Nanotechnology-mediated immunochemotherapy combined with docetaxel and PD-L1 antibody increase therapeutic effects and decrease systemic toxicity.

Immunotherapy has exhibited enormous practice in the treatment of melanoma because of the intrinsic properties of tumor. Tumor can downmodulate immune function via multiple mechanisms such as immune checkpoint pathways. The PD-L1 monoclonal antibodies that block the PD1/PD-L1 pathway, which induced tumor cells to evade an immune attack, can delay tumor growth efficiently with inevitable disadvantages such as low selectivity and systemic toxicity. Nanomedicine is clearly an approach that holds tremendous potential for addressing the shortcomings and assisting delivery of drugs with proper biodistribution. Herein, we developed a smart nanoplatform with precisely active targeting liposome co-loaded chemotherapy and immunotherapy drugs for synergistic antitumor effects while decreasing systemic toxicity. Immunoliposomes have stable pharmaceutical properties and show a significant antitumor effect in vivo and in vitro.
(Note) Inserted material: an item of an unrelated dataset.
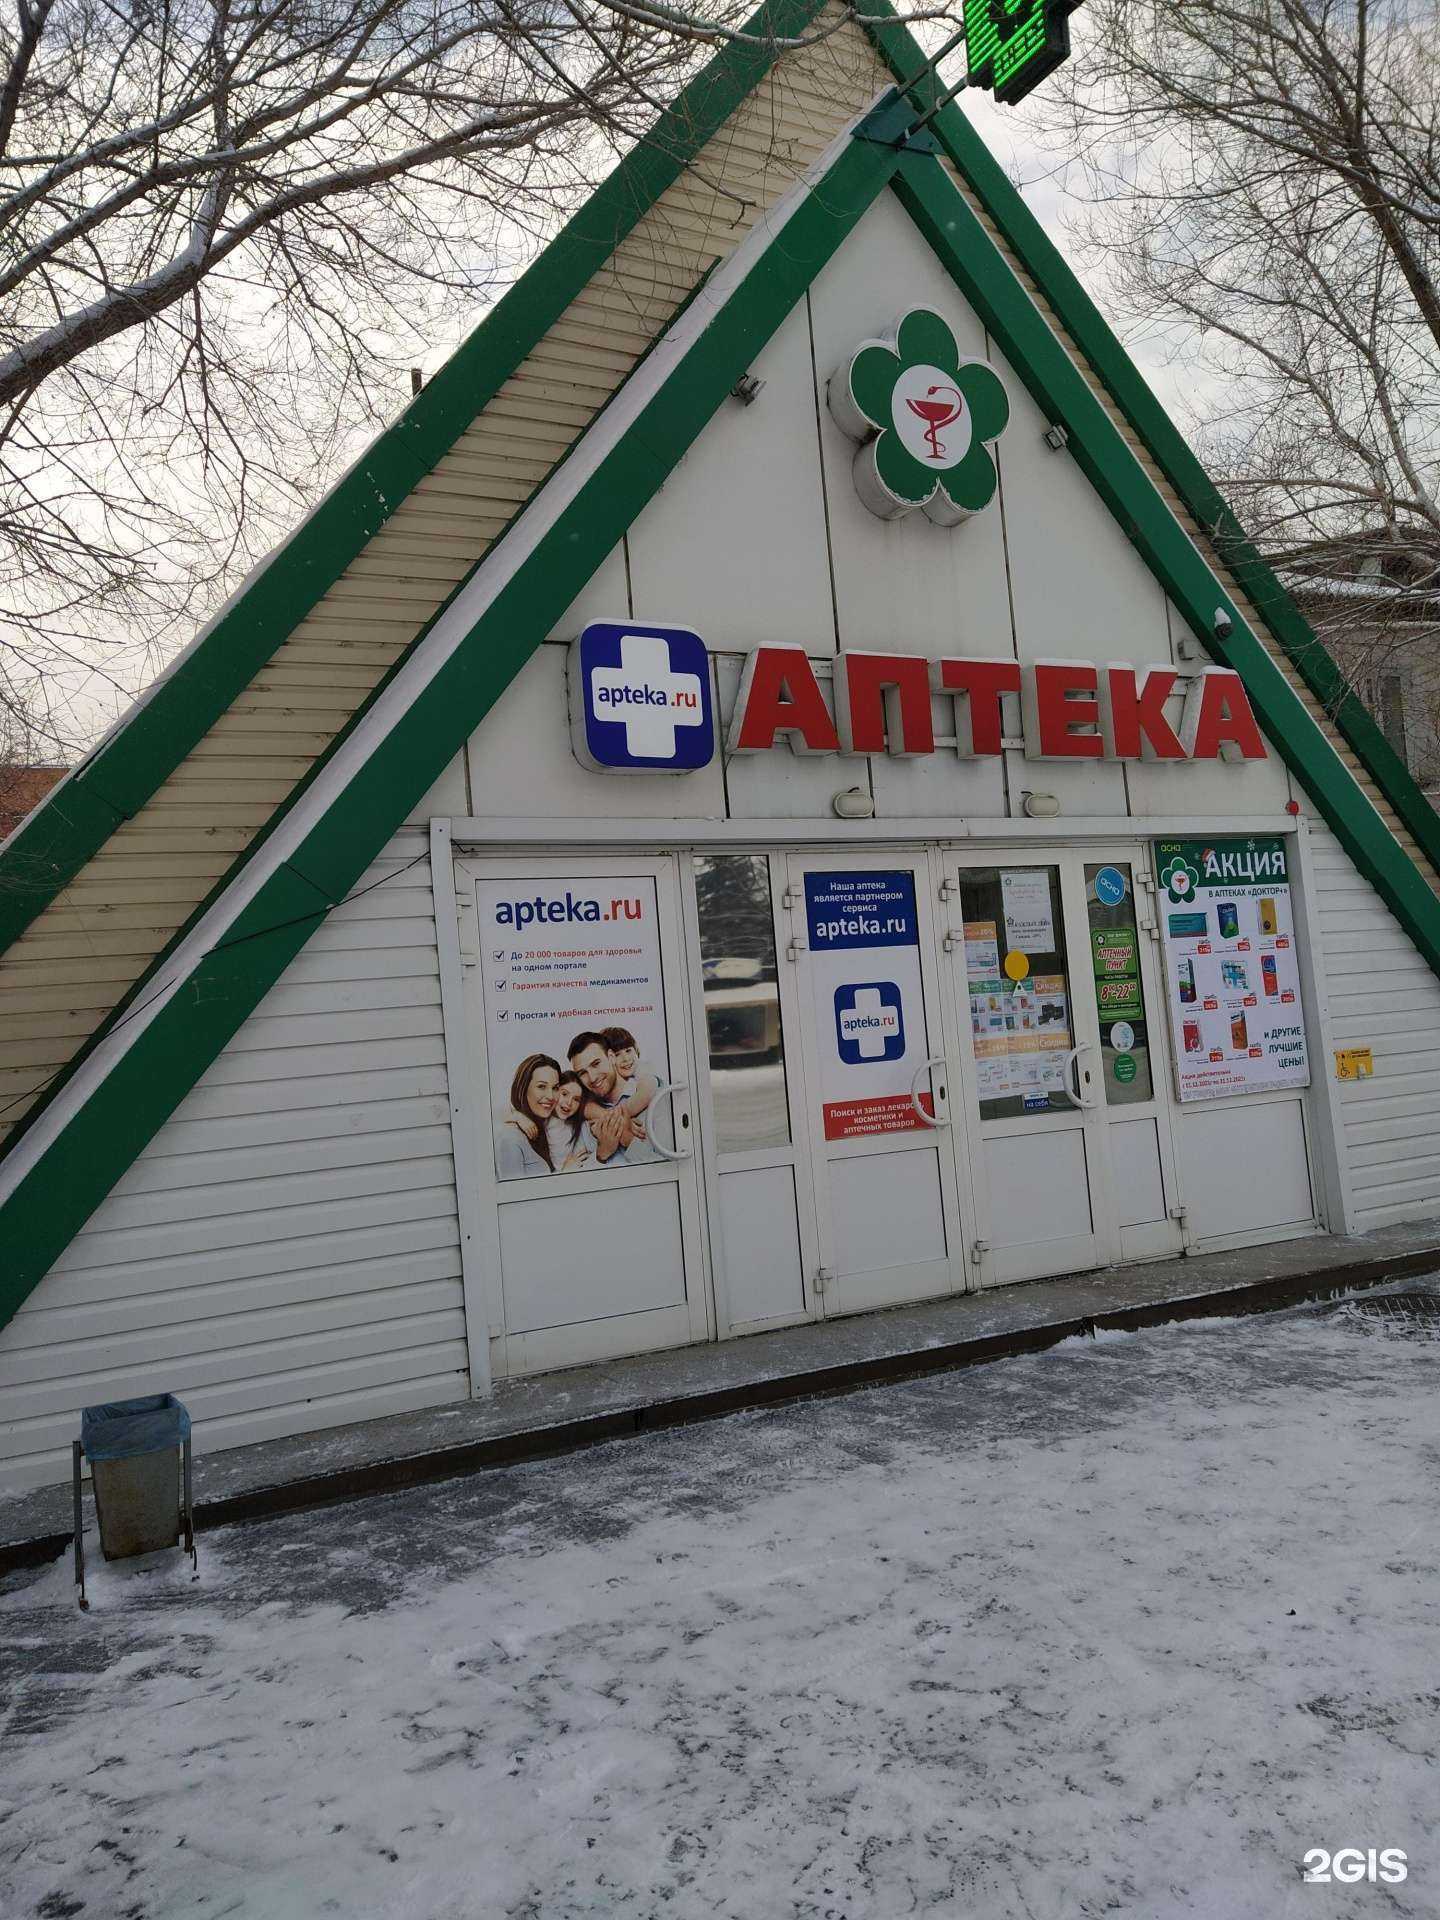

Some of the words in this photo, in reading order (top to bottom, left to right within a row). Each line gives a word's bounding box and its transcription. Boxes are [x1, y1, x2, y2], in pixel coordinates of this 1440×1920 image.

Cellular uptake in vitro and biodistribution in vivo demonstrated that immunoliposomes could be delivered and accumulated more in tumor tissues. These immunoliposomes exhibited effective tumor inhibition and prolonged survival time due to activation of tumor-specific CD8+ T cell and highly selective tumor killing. In addition, safety evaluation of liposomes also demonstrated their increased tumor accumulation and decreased systemic toxicity. Hence, this smart pH-sensitive nanoplatform has promising potential for clinical applications and possibly provides a well-controlled design for combination of chemotherapy with various immunotherapies for further exploration.